Syaikh
Muhammad Najih dalam beberapa halaqah pengajian beliau sering dhawuh
agar tidak menjadikan Pancasila sebagai panduan amal apalagi sebagai ideologi.
Hal ini karena Pancasila sering digunakan oleh kaum abangan-sekular untuk
mendukung sekularisme dan liberalisme terutama Pluralisme Agama serta untuk
menindas hak penerapan syariat secara hukum konstitusional. Hal ini telah
terlihat dalam kata “ketuhanan” dalam Sila Pertama “Ketuhanan Yang Maha Esa”
yang menunjukkan makna pengakuan Tuhan yang kabur sehingga sering dimaknai
mengakui pengenalan dan deskripsi tuhan dari agama apapun. Selain itu, Abah
Najih juga mengatakan bahwa Pancasila adalah hasil pembohongan Kristen terhadap
umat Islam sehingga akhirnya merekalah yang memonopoli konstitusi negara dengan
berpedoman terhadap Pancasila yang kabur makna tersebut.
Pendapat
beliau tersebut ternyata selaras dengan pengakuan dan pendapat dari para tokoh
Kristen sendiri. Pendeta Dr. Eka Darmaputera dalam bukunya, Pancasila:
Identitas dan Modernitas, mengutip pendapat tokoh Kristen TB Simatupang
yang lebih suka menarik penafsiran Pancasila kepada makna yang kabur.

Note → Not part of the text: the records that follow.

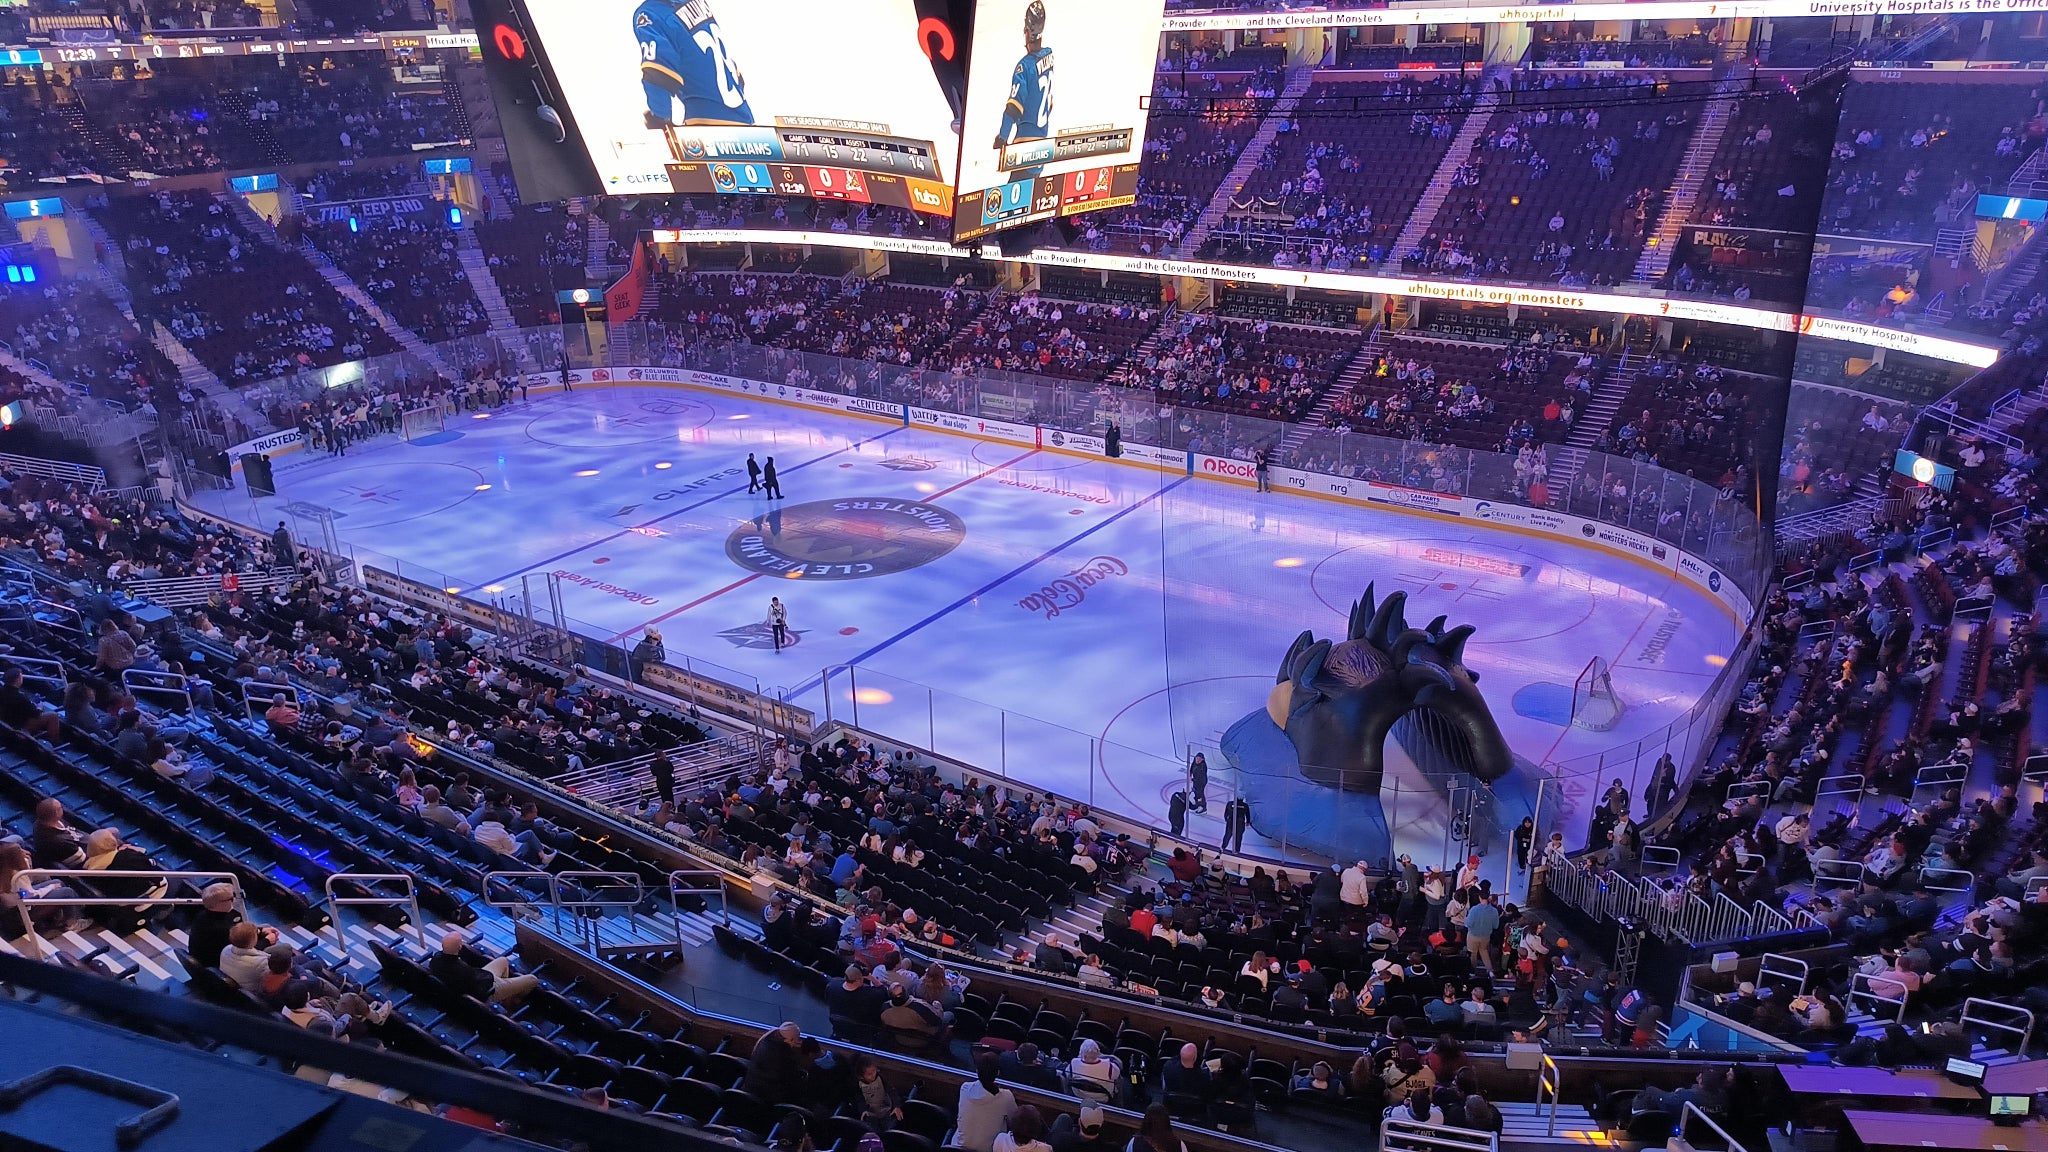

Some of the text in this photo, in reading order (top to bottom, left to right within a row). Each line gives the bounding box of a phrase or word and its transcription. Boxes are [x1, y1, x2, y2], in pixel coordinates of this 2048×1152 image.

[1811, 1, 1882, 13] University
[1887, 0, 1954, 13] Hospitals
[1959, 0, 1970, 9] is
[1977, 0, 2000, 9] the
[1169, 19, 1206, 29] Provider
[1247, 18, 1263, 27] and
[1267, 16, 1283, 26] the
[1285, 15, 1333, 25] Cleveland
[1336, 14, 1383, 24] Monsters
[277, 42, 285, 52] 0
[428, 37, 457, 45] fficial
[10, 50, 20, 63] 0
[58, 48, 96, 61] 12:39
[152, 45, 162, 58] 0
[716, 142, 773, 156] WILLIAMS
[1022, 150, 1049, 162] WILLIAMS
[1060, 147, 1067, 155] 71
[1074, 145, 1081, 153] 15
[1087, 142, 1095, 152] 22
[792, 143, 925, 171] 71 15 22 -1 14
[626, 173, 669, 184] CLIFFS
[744, 164, 759, 184] 0
[819, 168, 832, 188] 0
[1075, 172, 1085, 191] 0
[780, 182, 806, 194] 12:39
[1011, 183, 1021, 205] 0
[914, 187, 941, 206] fubo
[964, 192, 982, 203] PENALTY
[1035, 195, 1058, 211] 12:39
[30, 200, 38, 216] S
[354, 202, 391, 217] EEP
[394, 199, 425, 213] END
[2002, 198, 2021, 219] N
[1694, 231, 1728, 246] PLAY
[873, 240, 909, 252] University
[912, 243, 946, 254] Hospitals
[1051, 254, 1087, 264] Provider
[1125, 260, 1256, 280] and the Cleveland Monsters
[1408, 284, 1584, 307] uhhospitals org/monsters
[1816, 319, 1918, 345] University Hospitals
[856, 398, 886, 412] CENTER
[886, 405, 899, 414] ICE
[1218, 460, 1257, 477] Rock
[653, 467, 744, 501] CLIFFS
[1289, 474, 1306, 488] nrg
[1330, 482, 1348, 496] nrg
[999, 479, 1098, 502] Rocket Arena
[833, 501, 952, 533] MONSTERS
[1491, 511, 1526, 521] CENTURY
[1599, 532, 1650, 553] MONSTERS HOCKEY
[740, 536, 875, 575] CLEVELAND
[551, 570, 646, 602] Rocket Arena

Menurutnya, orang dapat mengatakan bahwa prinsip-prinsip Pancasila adalah
kabur, tetapi jelaslah bahwa “kekaburan” itu justru merupakan kunci kekuatan
serta efektivitasnya di dalam menghadapi kenyataan kemajemukan Indonesia. Eka
juga memahamkan bahwa Ketuhanan Yang Maha Esa tidak menunjuk kepada “Allah”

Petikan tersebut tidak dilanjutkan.